- **YOUR OBJECTIVE**: Give back every record exactly, images excluded.

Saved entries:
§
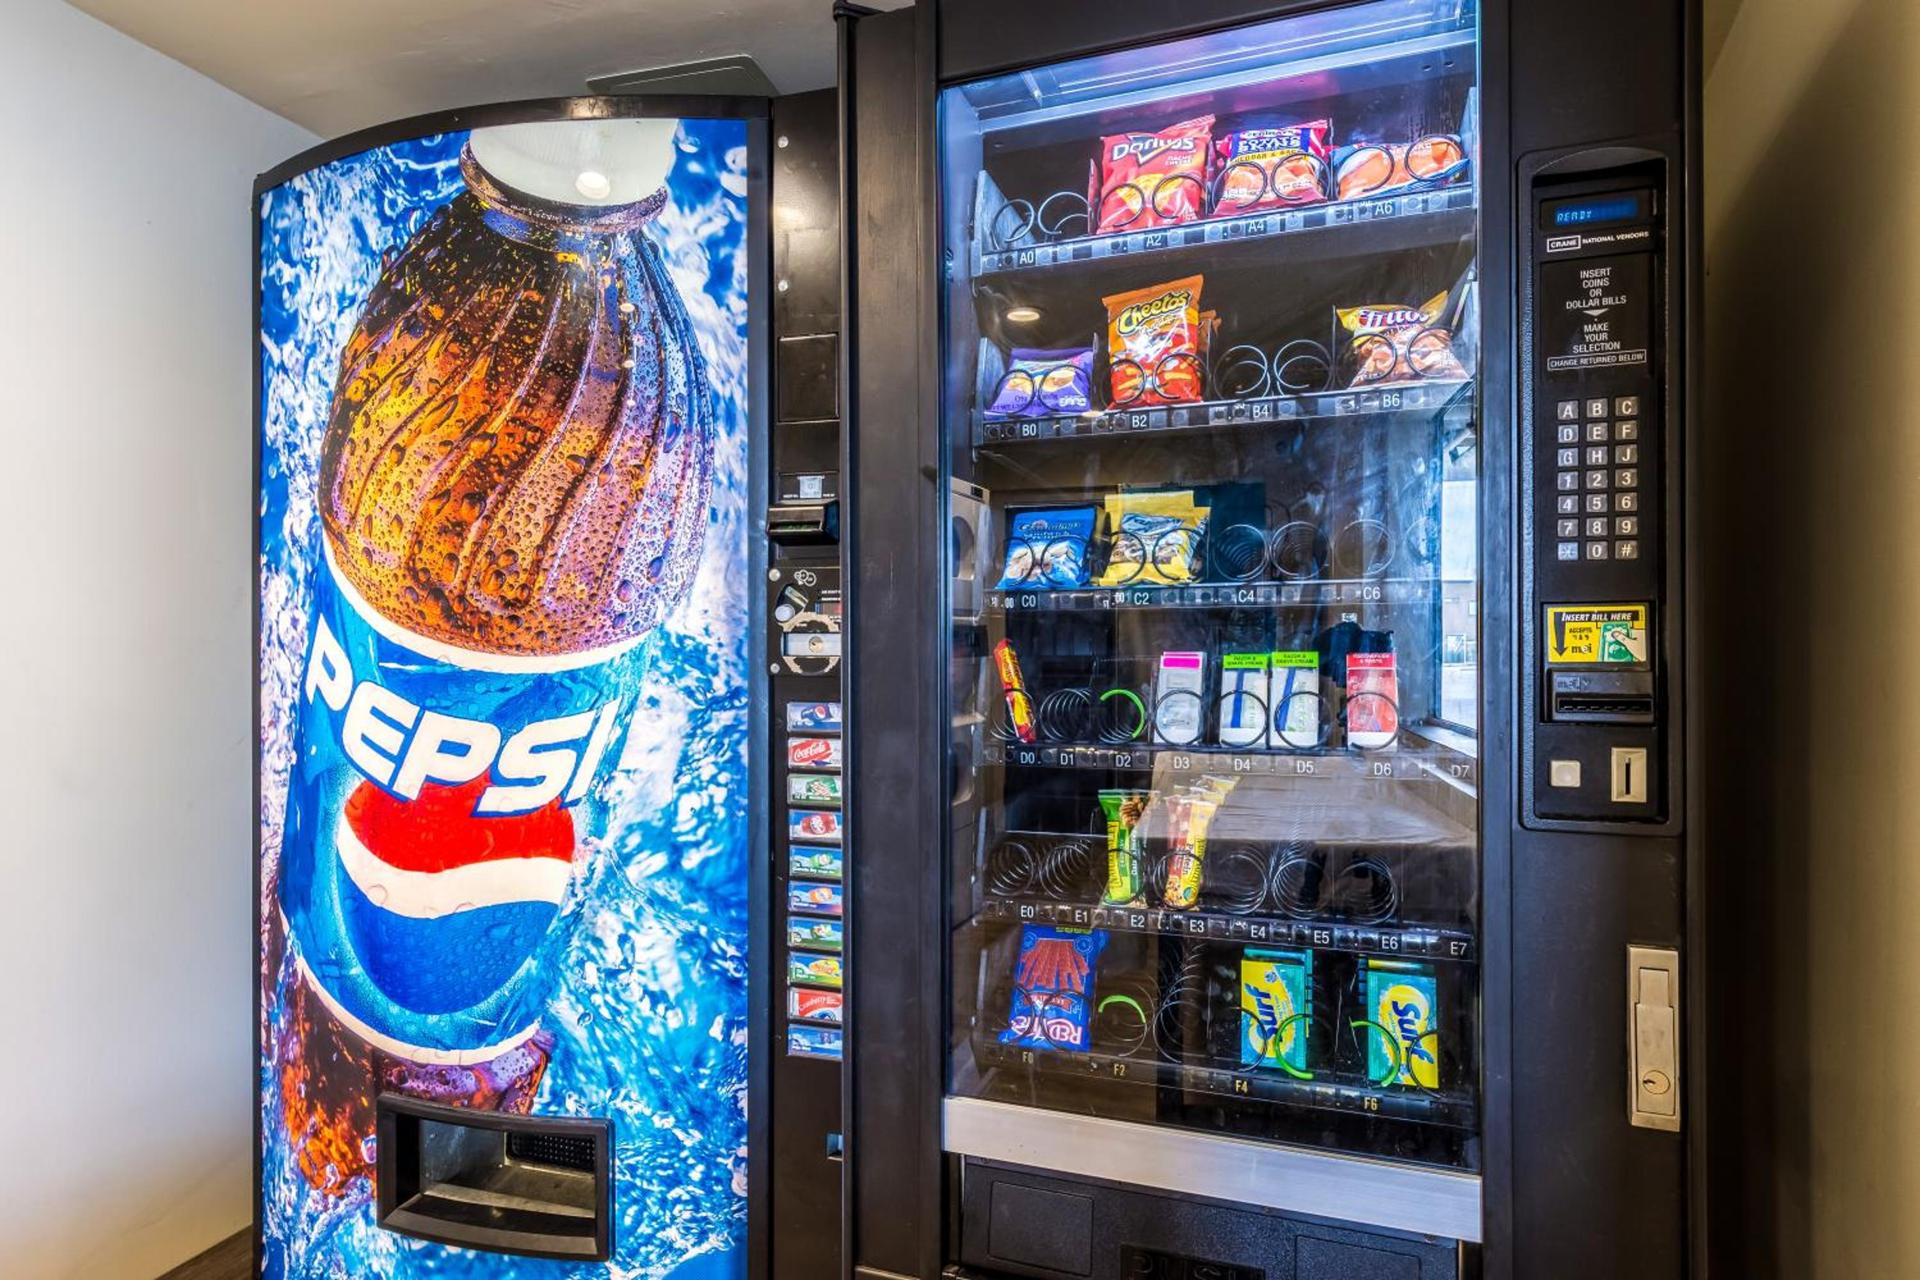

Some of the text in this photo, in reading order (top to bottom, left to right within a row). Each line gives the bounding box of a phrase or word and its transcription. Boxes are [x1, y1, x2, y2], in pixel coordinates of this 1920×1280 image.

[1112, 137, 1196, 161] Doritos
[1375, 202, 1393, 216] A6
[1557, 210, 1592, 222] READY
[1248, 219, 1265, 234] A4
[1146, 235, 1162, 247] A2
[1550, 231, 1649, 248] CRANE NATIONAL VENDORS
[1019, 249, 1035, 265] A0
[1580, 267, 1612, 279] INSERT
[1582, 278, 1610, 288] COINS
[1589, 288, 1602, 298] OR
[1566, 295, 1627, 310] DOLLAR BILLS
[1118, 291, 1190, 334] Cheetos
[1359, 309, 1430, 329] Fritos
[1584, 322, 1609, 332] MAKE
[1584, 332, 1608, 342] YOUR
[1572, 342, 1620, 354] SELECTION
[1550, 352, 1644, 368] CHANGE RETURNED BELOW
[1383, 394, 1400, 408] B6
[1252, 404, 1270, 418] B4
[1563, 400, 1632, 418] A B C
[1132, 414, 1148, 428] B2
[1022, 424, 1037, 436] B0
[1564, 424, 1631, 440] D E F
[1564, 448, 1630, 464] G H J
[1564, 472, 1631, 488] 1 2 3
[1562, 496, 1631, 511] 4 5 6
[1564, 520, 1631, 534] 7 8 9
[1592, 544, 1632, 557] 0 #
[1134, 592, 1150, 606] C2
[1238, 589, 1255, 603] C4
[1363, 586, 1381, 600] C6
[1022, 594, 1036, 608] C0
[1562, 612, 1632, 622] INSERT BILL HERE
[305, 612, 620, 813] PEPSI
[1020, 752, 1035, 764] D0
[1060, 752, 1074, 766] D1
[1116, 755, 1132, 768] D2
[1174, 757, 1190, 769] D3
[1234, 758, 1251, 772] D4
[1296, 760, 1314, 774] D5
[1374, 762, 1392, 776] D6
[1451, 764, 1470, 778] D7
[1020, 906, 1034, 918] E0
[1075, 910, 1088, 922] E1
[1130, 915, 1145, 928] E2
[1190, 920, 1204, 932] E3
[1250, 926, 1266, 939] E4
[1314, 930, 1330, 944] E5
[1381, 936, 1398, 950] E6
[1450, 942, 1467, 956] E7
[1245, 982, 1283, 1042] Surf
[1047, 1018, 1082, 1045] RED
[1392, 1000, 1434, 1064] Surf
[1114, 1064, 1126, 1076] F2
[1235, 1080, 1248, 1093] F4
[1364, 1097, 1378, 1110] F6
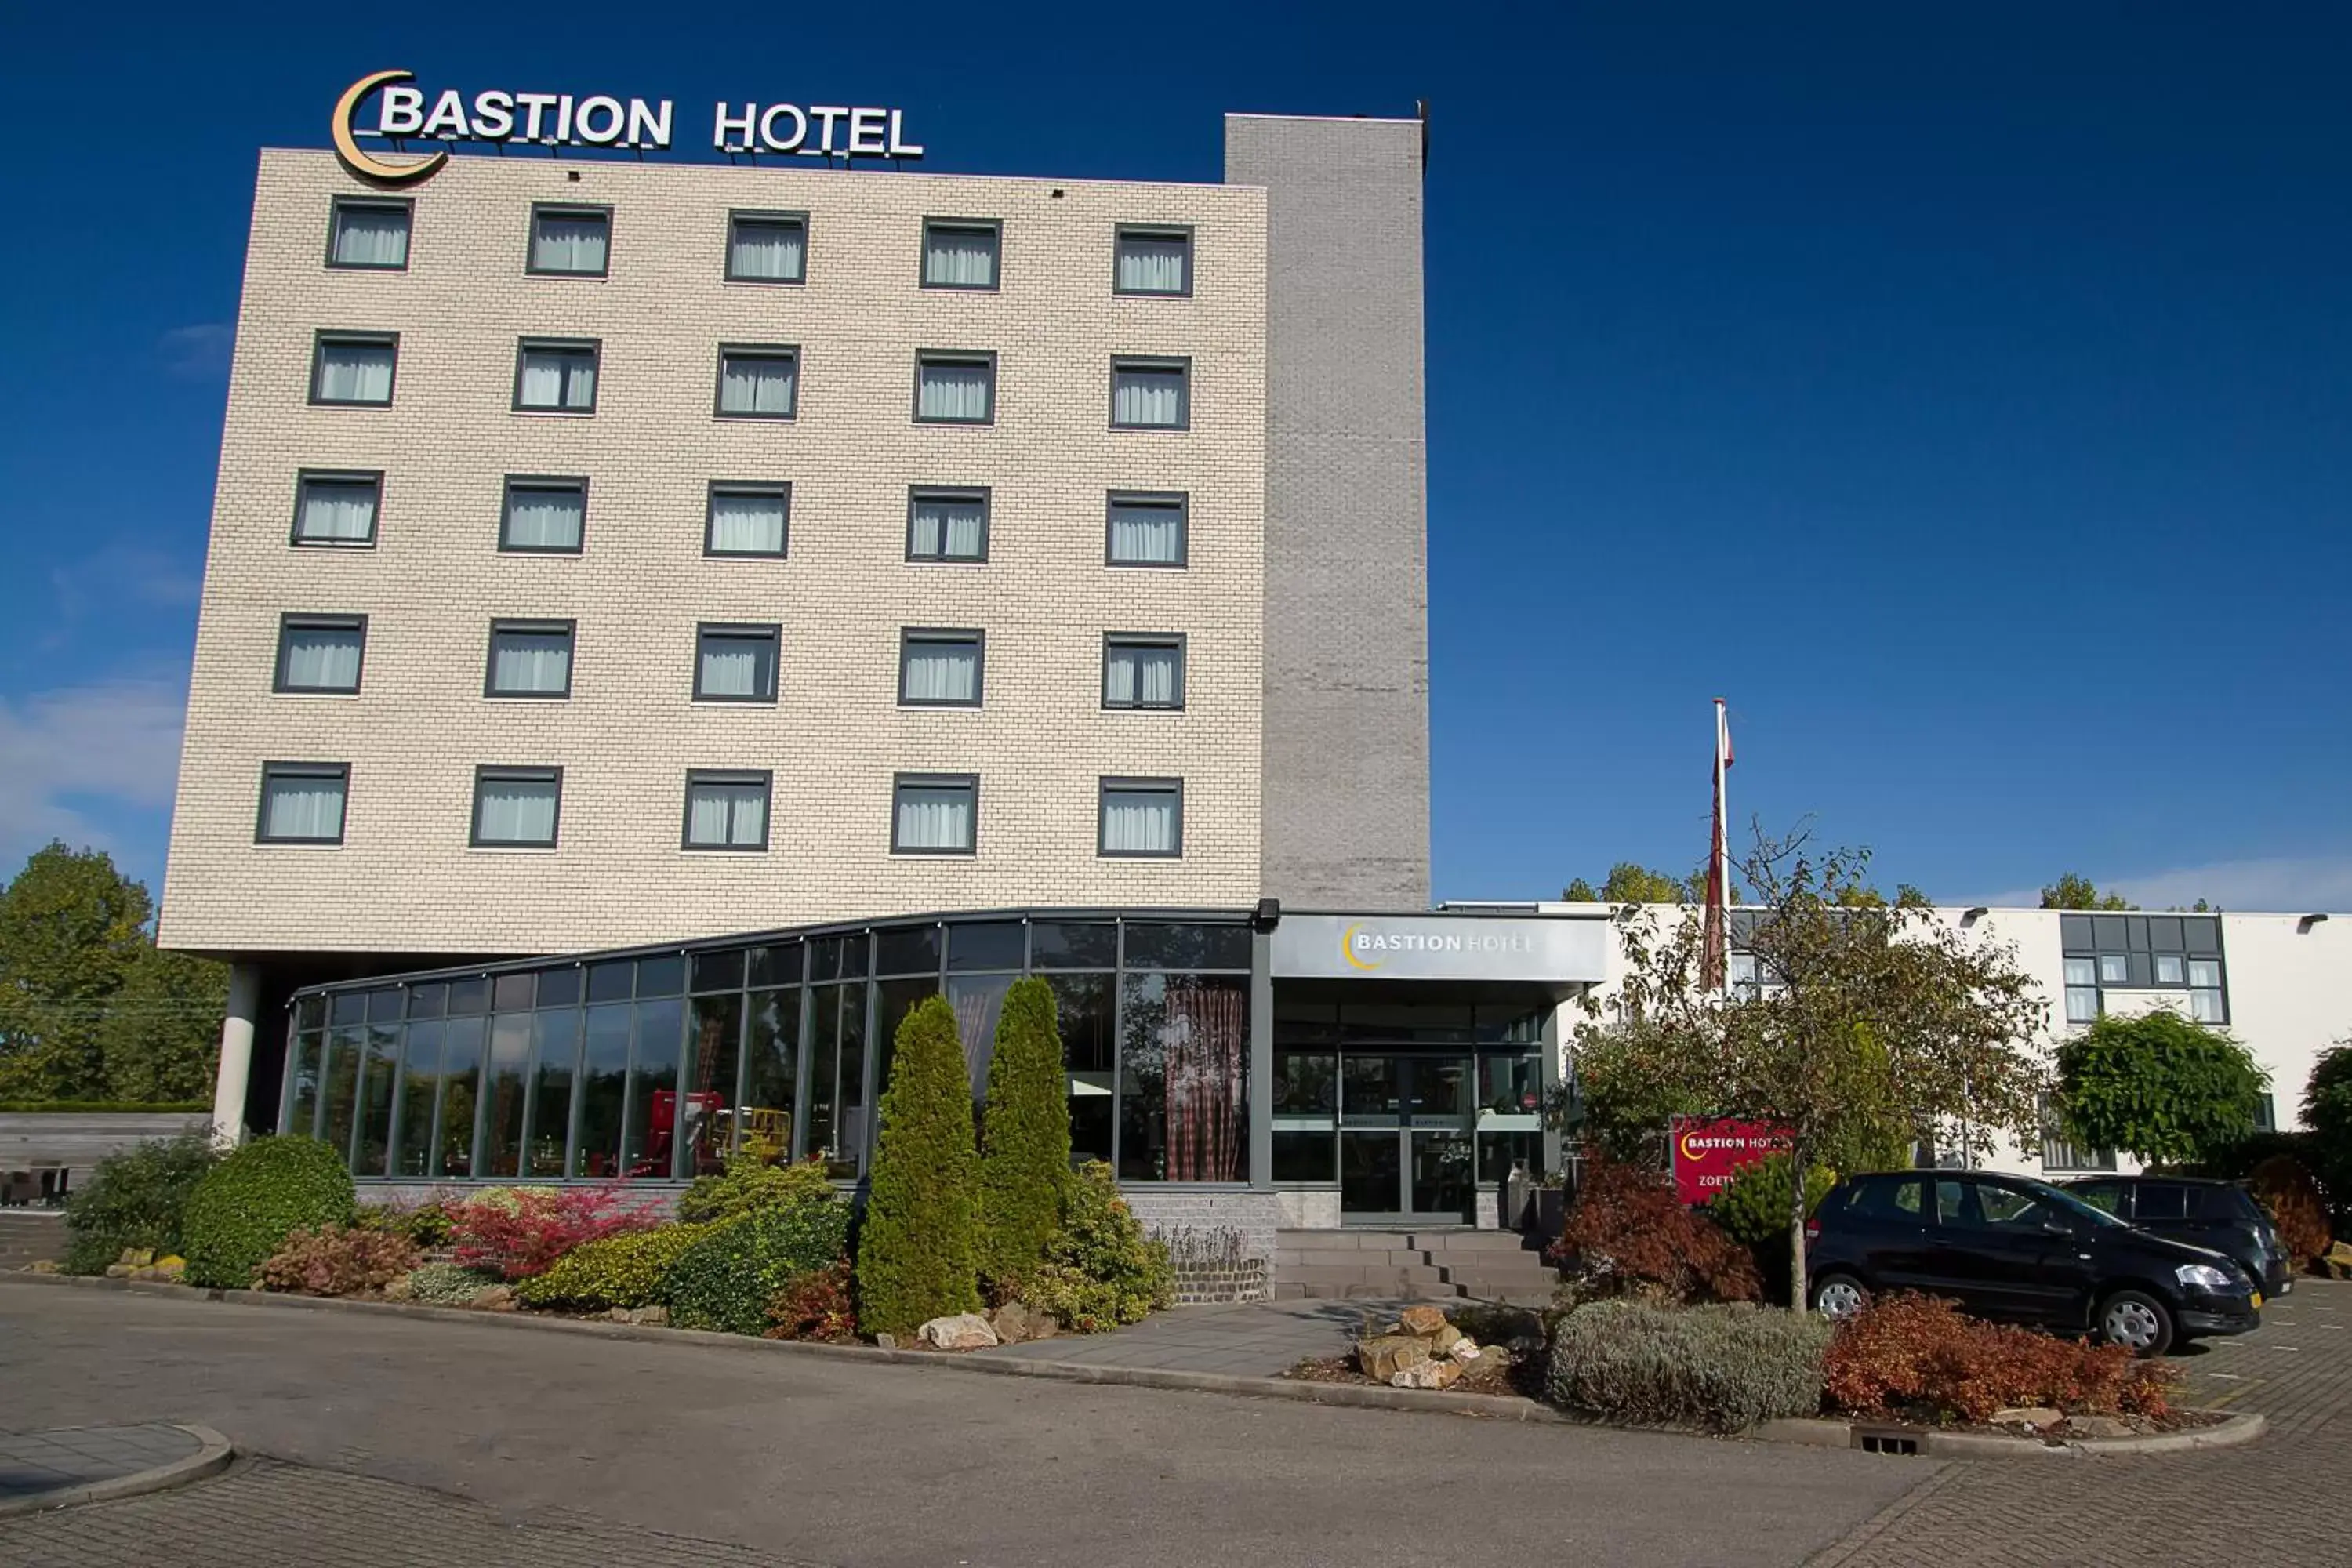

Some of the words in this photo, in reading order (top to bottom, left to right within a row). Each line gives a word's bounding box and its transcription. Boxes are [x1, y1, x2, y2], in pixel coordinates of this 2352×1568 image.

[379, 85, 674, 147] BASTION
[713, 101, 925, 154] HOTEL
[1356, 933, 1461, 952] BASTION
[1468, 934, 1536, 953] HOTEL
[1687, 1138, 1744, 1149] BASTION
§
- **EXERCISE RESULT**:
Some of the text in this photo, in reading order (top to bottom, left to right within a row). Each line gives the bounding box of a phrase or word and its transcription. Boxes are [x1, y1, x2, y2], in pixel coordinates of this 1920×1280 image.

[1112, 137, 1196, 161] Doritos
[1375, 202, 1393, 216] A6
[1557, 210, 1592, 222] READY
[1248, 219, 1265, 234] A4
[1146, 235, 1162, 247] A2
[1550, 231, 1649, 248] CRANE NATIONAL VENDORS
[1019, 249, 1035, 265] A0
[1580, 267, 1612, 279] INSERT
[1582, 278, 1610, 288] COINS
[1589, 288, 1602, 298] OR
[1566, 295, 1627, 310] DOLLAR BILLS
[1118, 291, 1190, 334] Cheetos
[1359, 309, 1430, 329] Fritos
[1584, 322, 1609, 332] MAKE
[1584, 332, 1608, 342] YOUR
[1572, 342, 1620, 354] SELECTION
[1550, 352, 1644, 368] CHANGE RETURNED BELOW
[1383, 394, 1400, 408] B6
[1252, 404, 1270, 418] B4
[1563, 400, 1632, 418] A B C
[1132, 414, 1148, 428] B2
[1022, 424, 1037, 436] B0
[1564, 424, 1631, 440] D E F
[1564, 448, 1630, 464] G H J
[1564, 472, 1631, 488] 1 2 3
[1562, 496, 1631, 511] 4 5 6
[1564, 520, 1631, 534] 7 8 9
[1592, 544, 1632, 557] 0 #
[1134, 592, 1150, 606] C2
[1238, 589, 1255, 603] C4
[1363, 586, 1381, 600] C6
[1022, 594, 1036, 608] C0
[1562, 612, 1632, 622] INSERT BILL HERE
[305, 612, 620, 813] PEPSI
[1020, 752, 1035, 764] D0
[1060, 752, 1074, 766] D1
[1116, 755, 1132, 768] D2
[1174, 757, 1190, 769] D3
[1234, 758, 1251, 772] D4
[1296, 760, 1314, 774] D5
[1374, 762, 1392, 776] D6
[1451, 764, 1470, 778] D7
[1020, 906, 1034, 918] E0
[1075, 910, 1088, 922] E1
[1130, 915, 1145, 928] E2
[1190, 920, 1204, 932] E3
[1250, 926, 1266, 939] E4
[1314, 930, 1330, 944] E5
[1381, 936, 1398, 950] E6
[1450, 942, 1467, 956] E7
[1245, 982, 1283, 1042] Surf
[1047, 1018, 1082, 1045] RED
[1392, 1000, 1434, 1064] Surf
[1114, 1064, 1126, 1076] F2
[1235, 1080, 1248, 1093] F4
[1364, 1097, 1378, 1110] F6

Some of the words in this photo, in reading order (top to bottom, left to right within a row). Each line gives a word's bounding box and its transcription. Boxes are [x1, y1, x2, y2], in pixel coordinates of this 2352×1568 image.

[379, 85, 674, 147] BASTION
[713, 101, 925, 154] HOTEL
[1356, 933, 1461, 952] BASTION
[1468, 934, 1536, 953] HOTEL
[1687, 1138, 1744, 1149] BASTION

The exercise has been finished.